Figure 23. Photo of another type of intraocular lens implant (IOL) in the eye. In refractive lens exchange (RLE), the natural lens is removed from the eye through a tiny incision and replaced with an IOL. The power of the IOL is chosen to correct nearsightedness, farsightedness, and astigmatism.

A variety of IOLs are available that have different capabilities. Your doctor will recommend the particular type of lens whose capabilities most match your needs. In general terms, there are four different types of IOLs that can replace your natural lens. The four types are:

  • Single-focus or standard lenses
  • Toric lenses
  • Accommodating lenses
  • Multifocal or bifocal lenses


A single-focus IOL, also called a standard IOL, has a single fixed focal point. These lenses provide precise vision at a particular distance. With refractive lens exchange, the lens implant in one eye is usually set for excellent distance vision. The other eye may also be set for excellent distance vision, or it may be set for reading or intermediate vision, an arrangement called monovision.


Toric IOLs are single-focus IOLs that also have a builtin ability to correct astigmatism. Astigmatism means that your cornea is oval shaped like a football instead of round like a basketball. If you have significant astigmatism and it isn’t corrected, your vision won’t be perfectly clear at any distance.

Toric IOLs are an excellent way to correct astigmatism and provide very crisp vision at the chosen distance. Monovision can also be done with toric IOLs to provide both excellent reading and distance vision. If you have a significant astigmatism, a toric lens is the best IOL option for you.

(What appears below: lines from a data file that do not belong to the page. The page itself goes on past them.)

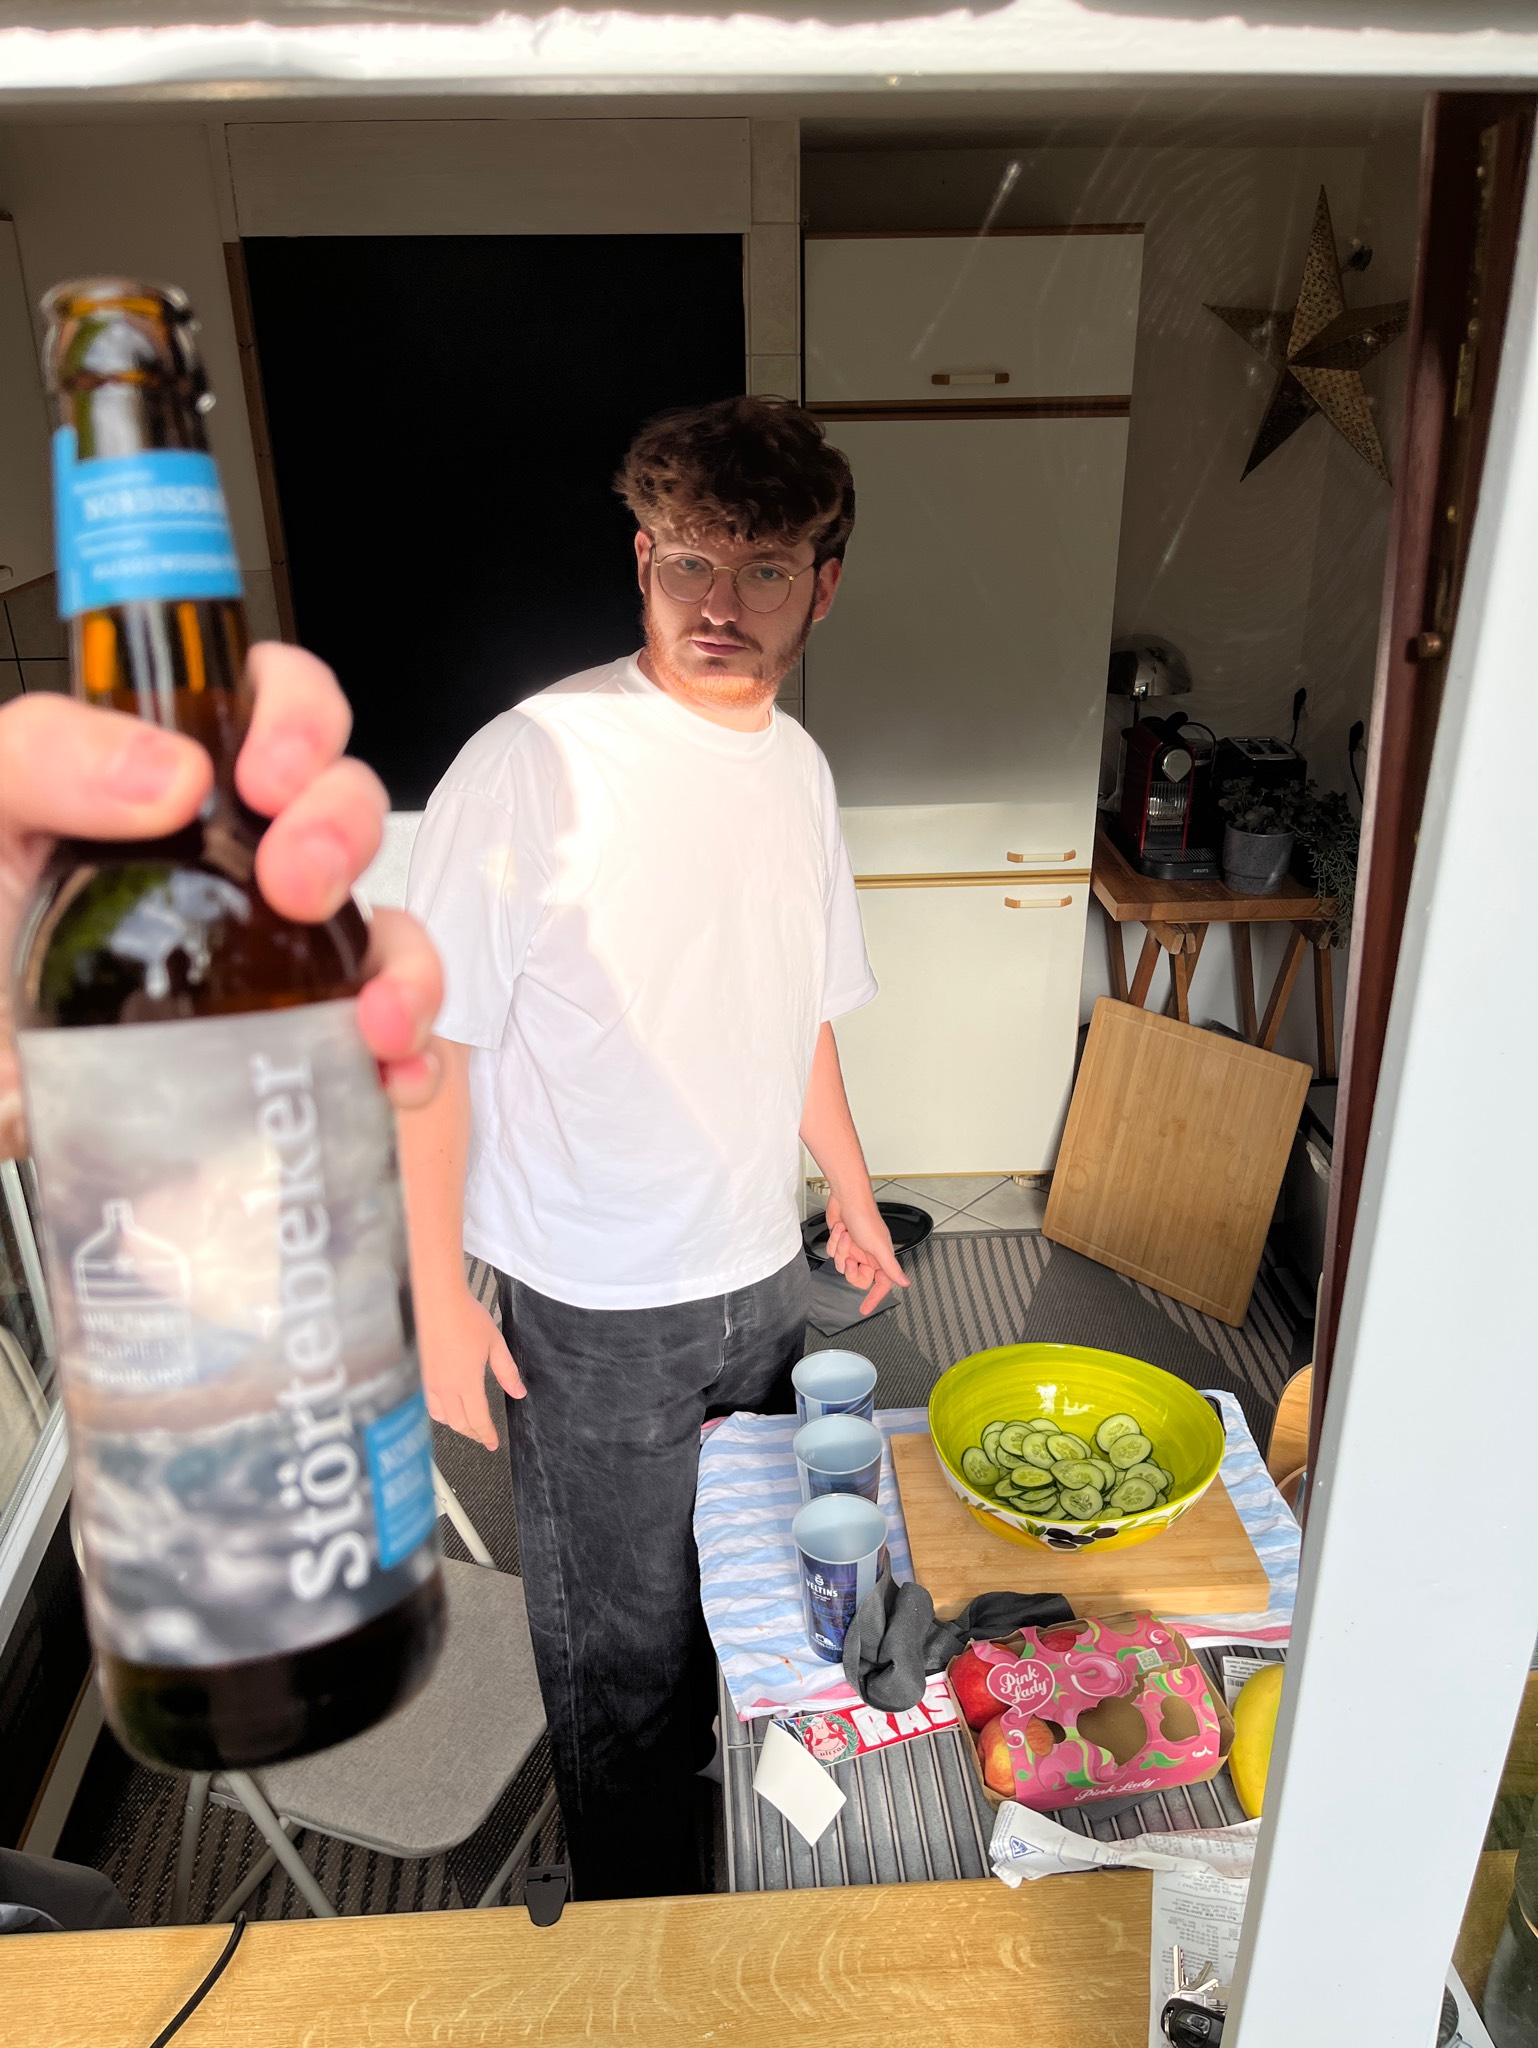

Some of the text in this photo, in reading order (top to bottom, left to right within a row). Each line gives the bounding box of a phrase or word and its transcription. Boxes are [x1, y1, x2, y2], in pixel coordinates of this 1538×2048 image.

[243, 1053, 371, 1600] Störtebeker
[805, 1578, 838, 1597] VELTINS
[1000, 1665, 1039, 1694] Pink
[1011, 1679, 1049, 1704] Lady
[1074, 1778, 1156, 1801] Pink Lady
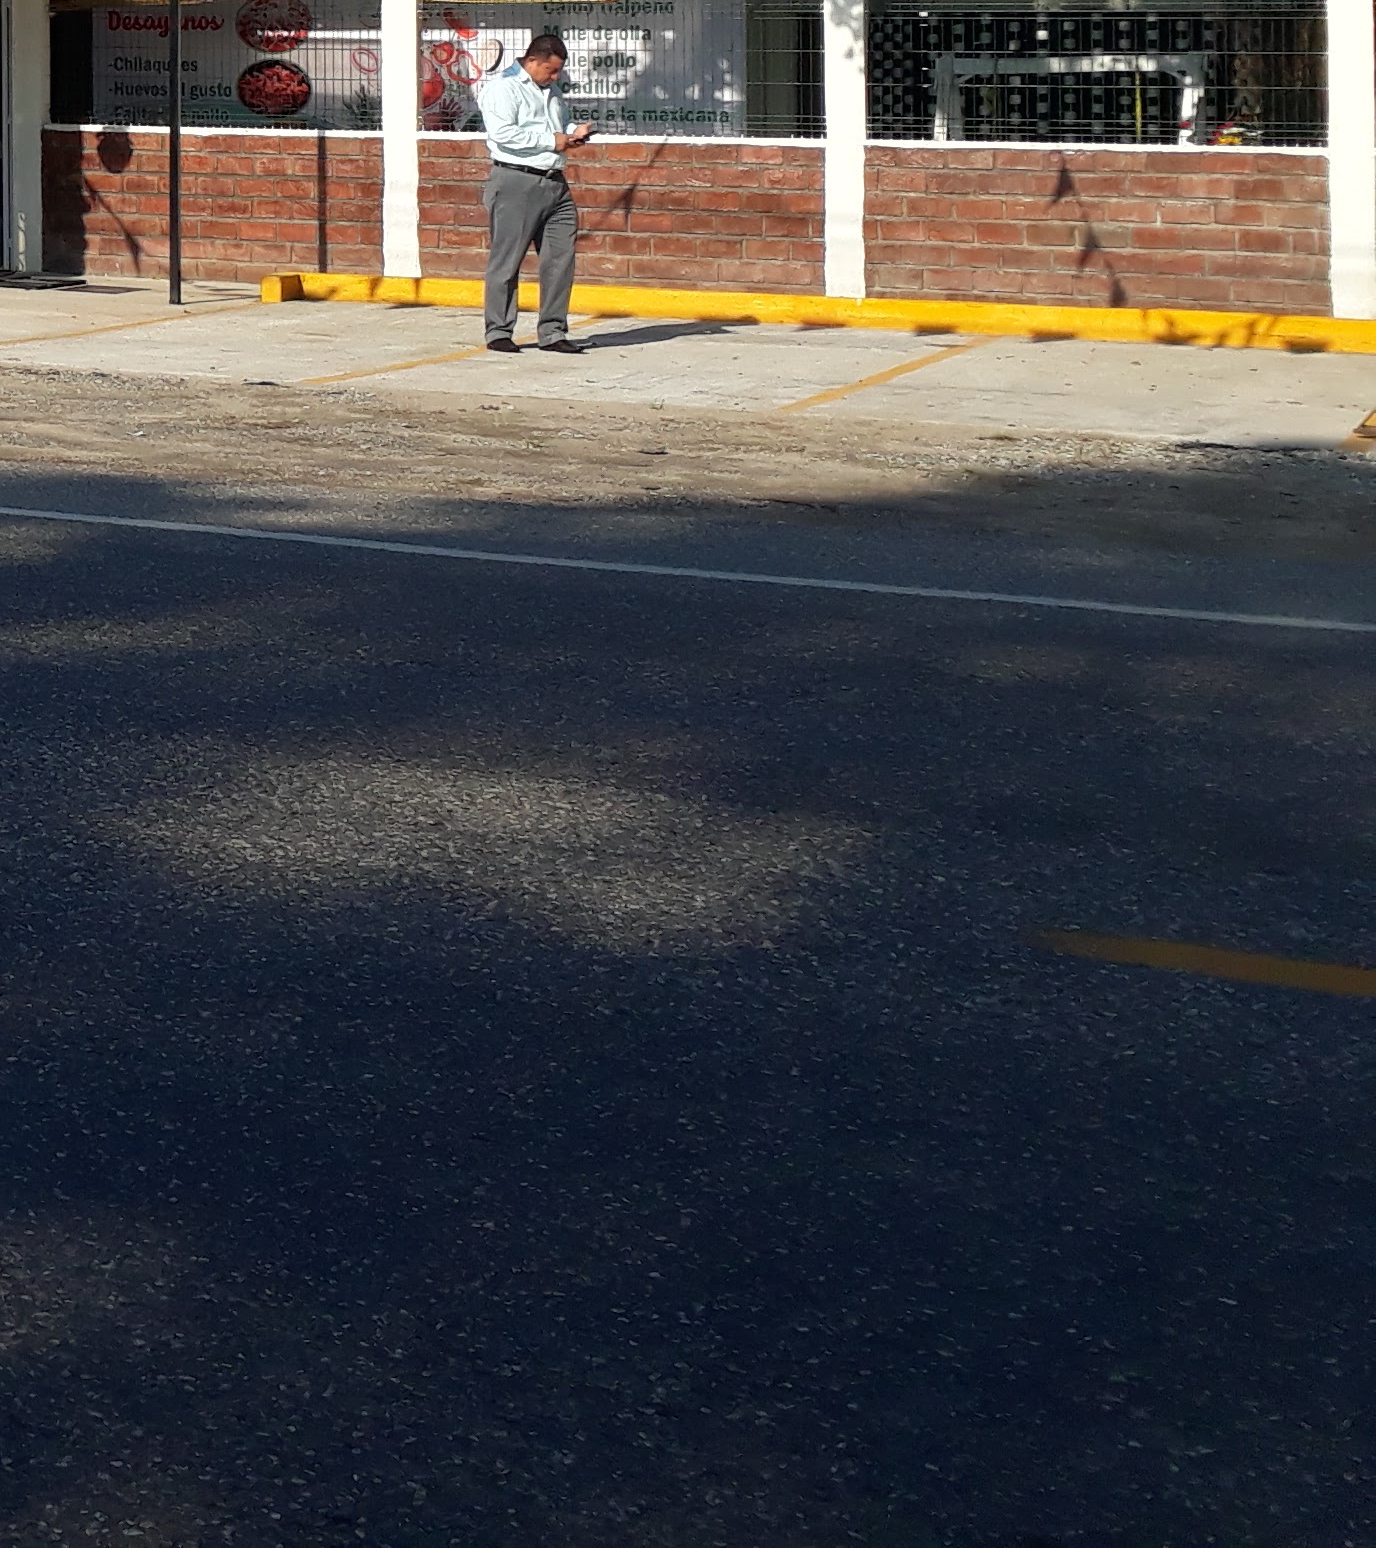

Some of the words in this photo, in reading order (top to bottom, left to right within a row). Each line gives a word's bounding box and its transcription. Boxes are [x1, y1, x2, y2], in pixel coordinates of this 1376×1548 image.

[108, 10, 224, 37] Desaynos
[593, 25, 614, 40] de
[109, 56, 198, 74] -Chilaques
[593, 52, 636, 70] pollo
[190, 81, 232, 100] gusto
[561, 78, 621, 95] cadillo
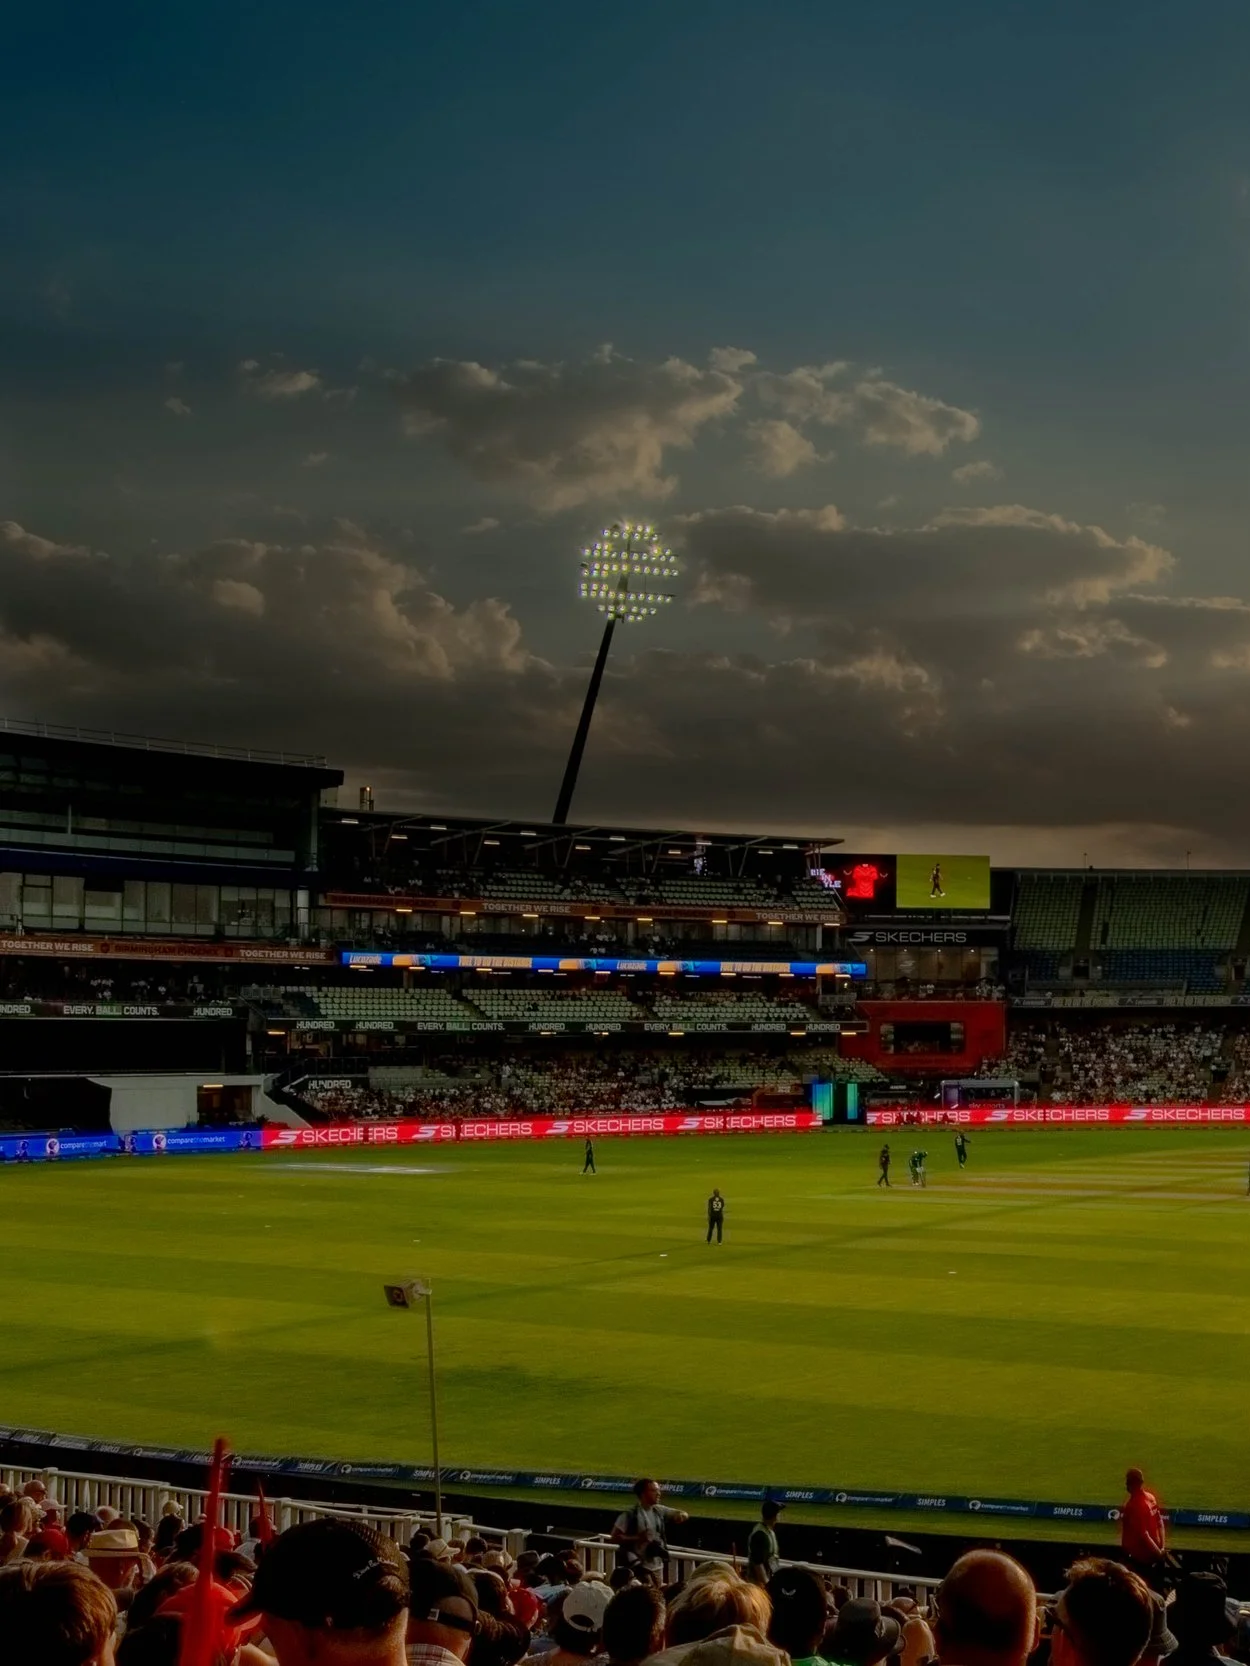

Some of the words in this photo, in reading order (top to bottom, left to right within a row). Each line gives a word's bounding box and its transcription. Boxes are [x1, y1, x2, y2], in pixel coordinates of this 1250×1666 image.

[482, 902, 533, 912] TOGETHER
[534, 904, 550, 912] WE
[551, 904, 571, 913] RISE
[755, 911, 803, 921] TOGETHER
[804, 912, 819, 921] WE
[820, 913, 840, 921] RISE
[875, 931, 967, 943] SKECHERS
[1, 940, 53, 951] TOGETHER
[54, 942, 71, 951] WE
[72, 943, 94, 952] RISE
[239, 949, 289, 959] TOGETHER
[290, 950, 305, 959] WE
[306, 951, 326, 960] RISE
[123, 1006, 160, 1016] COUNTS.
[193, 1007, 233, 1016] HUNDRED
[296, 1020, 336, 1030] HUNDRED
[355, 1021, 395, 1030] HUNDRED
[471, 1022, 506, 1031] COUNTS.
[528, 1022, 566, 1031] HUNDRED
[585, 1023, 622, 1032] HUNDRED
[751, 1023, 787, 1032] HUNDRED
[805, 1023, 841, 1032] HUNDRED
[308, 1080, 352, 1090] HUNDRED
[1151, 1109, 1246, 1120] SKECHERS
[573, 1118, 664, 1133] SKECHERS
[704, 1114, 797, 1129] SKECHERS
[534, 1477, 561, 1486] SIMPLES
[785, 1490, 814, 1499] SIMPLES
[917, 1498, 947, 1507] SIMPLES
[1053, 1506, 1084, 1517] SIMPLES
[1197, 1514, 1228, 1524] SIMPLES

Most IOLs, once implanted, don’t move within your eye. Accommodating IOLs are IOLs that can adjust their focus somewhat to provide a greater range of vision than a standard or toric IOL. These IOLs are soft and flexible, like the eye’s natural lens prior to the need for reading glasses. The muscle in the eye that flexes the natural lens also flexes the accommodating IOL, changing its focusing power. This allows the accommodating IOL to offer both good distance and good mid-range vision without glasses. Monovision can be done with these lenses as well, to provide good reading vision without glasses.

The main disadvantage of accommodating IOLs is that the extra range of vision is limited, so most patients still need reading glasses. Also, these lenses are not as effective in younger individuals with large pupils because the lenses can allow more night glare.


Multifocal, or bifocal IOLs, have different focusing zones built into the lens, allowing a wide range of vision with decreased dependence on glasses (Figure 24). People who choose multifocal lenses can usually do almost anything they want without glasses. Unlike standard spectacle bifocal lenses, you don’t have to look up to see far away and look down to read. You can see close and far in any direction you look. These IOLs work by dividing the light that enters the eye, focusing half the light for distance vision and the other half for close vision.

Because of the way they focus light, these lenses have two disadvantages. They produce small halos around headlights and streetlights at night. These halos normally are not bothersome and do not interfere with night driving. The other disadvantage is that distance vision is not quite as sharp as it is with glasses or contacts because part of the incoming light is being used for reading. Your doctor will discuss with you whether a multifocal IOL would be appropriate for you.

Figure 24. A multifocal IOL has a series of concentric rings etched on the lens that provide both a far and close focus. This allows good distance and reading vision without glasses.

The variety of IOLs available makes refractive lens exchange a very flexible and customizable approach to optimizing your vision without glasses.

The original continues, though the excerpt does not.